While the social determinants of cardiovascular disease (CVD) are fairly well-known, the determinants of socioeconomic inequalities in CVD are scarcely studied and almost completely based on cross-sectional designs in which the changing circumstances across the life course are not taken into account. The present study seeks to incorporate a life course approach to the social determinants of socioeconomic inequalities in CVD. The specific aims were to 1) examine how income-related inequalities in CVD change over two decades of the mid-late life course, and 2) identify the key social determinants of the inequalities at each time period.

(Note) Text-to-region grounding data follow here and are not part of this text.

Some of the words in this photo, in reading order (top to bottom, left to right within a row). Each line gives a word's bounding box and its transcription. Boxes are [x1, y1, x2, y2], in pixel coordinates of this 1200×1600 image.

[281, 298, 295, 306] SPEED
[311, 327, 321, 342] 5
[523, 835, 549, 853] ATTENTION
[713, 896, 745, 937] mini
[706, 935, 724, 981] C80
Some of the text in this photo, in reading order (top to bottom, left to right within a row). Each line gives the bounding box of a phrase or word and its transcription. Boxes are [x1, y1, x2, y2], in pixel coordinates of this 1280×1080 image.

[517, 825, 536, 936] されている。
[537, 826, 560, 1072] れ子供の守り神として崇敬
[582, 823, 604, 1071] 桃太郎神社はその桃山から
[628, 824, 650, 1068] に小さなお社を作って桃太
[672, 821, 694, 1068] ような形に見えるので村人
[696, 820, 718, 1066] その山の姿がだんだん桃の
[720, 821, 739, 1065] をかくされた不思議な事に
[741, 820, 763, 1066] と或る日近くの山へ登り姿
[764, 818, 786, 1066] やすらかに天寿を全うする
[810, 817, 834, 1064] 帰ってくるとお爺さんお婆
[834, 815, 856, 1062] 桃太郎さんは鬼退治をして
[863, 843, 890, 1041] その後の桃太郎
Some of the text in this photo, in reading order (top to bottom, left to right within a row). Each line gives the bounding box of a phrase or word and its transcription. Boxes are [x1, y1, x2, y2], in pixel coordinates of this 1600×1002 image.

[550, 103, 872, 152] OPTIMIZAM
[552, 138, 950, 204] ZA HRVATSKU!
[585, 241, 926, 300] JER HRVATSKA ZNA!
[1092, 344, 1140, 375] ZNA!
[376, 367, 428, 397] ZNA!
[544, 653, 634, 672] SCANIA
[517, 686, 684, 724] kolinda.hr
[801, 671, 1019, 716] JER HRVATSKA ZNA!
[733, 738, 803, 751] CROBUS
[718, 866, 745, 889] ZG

The cohort (N = 44,039) comprised all individuals aged 40–60 years in 1990 who during 1990–2010 were enrolled in the county-wide preventive effort :“Västerbotten Intervention Program” (VIP). The cohort was followed over these two decades by Swedish population register data linked within the Umeå SIMSAM Lab micro data infrastructure. First-time hospitalization for CVD and mean earned income were used to calculate the concentration index (C) during four periods of 5–6 years. The C for each period was decomposed by sociodemographic factors, using Wagstaff-type decomposition analysis. Results suggest that inequalities in CVD increase gradually from mid-life to old age; from initially non-significant to particularly marked among the elderly. The decomposition showed that, from middle to old age, educational and employment inequalities underwent a transition from initially dominant to a moderate role in explaining the health inequalities, coupled with an increasing importance of age and a stable role of income. In conclusion, the study illustrates the need for incorporating a dynamic life course perspective into research, policy and practice concerned with equity in health.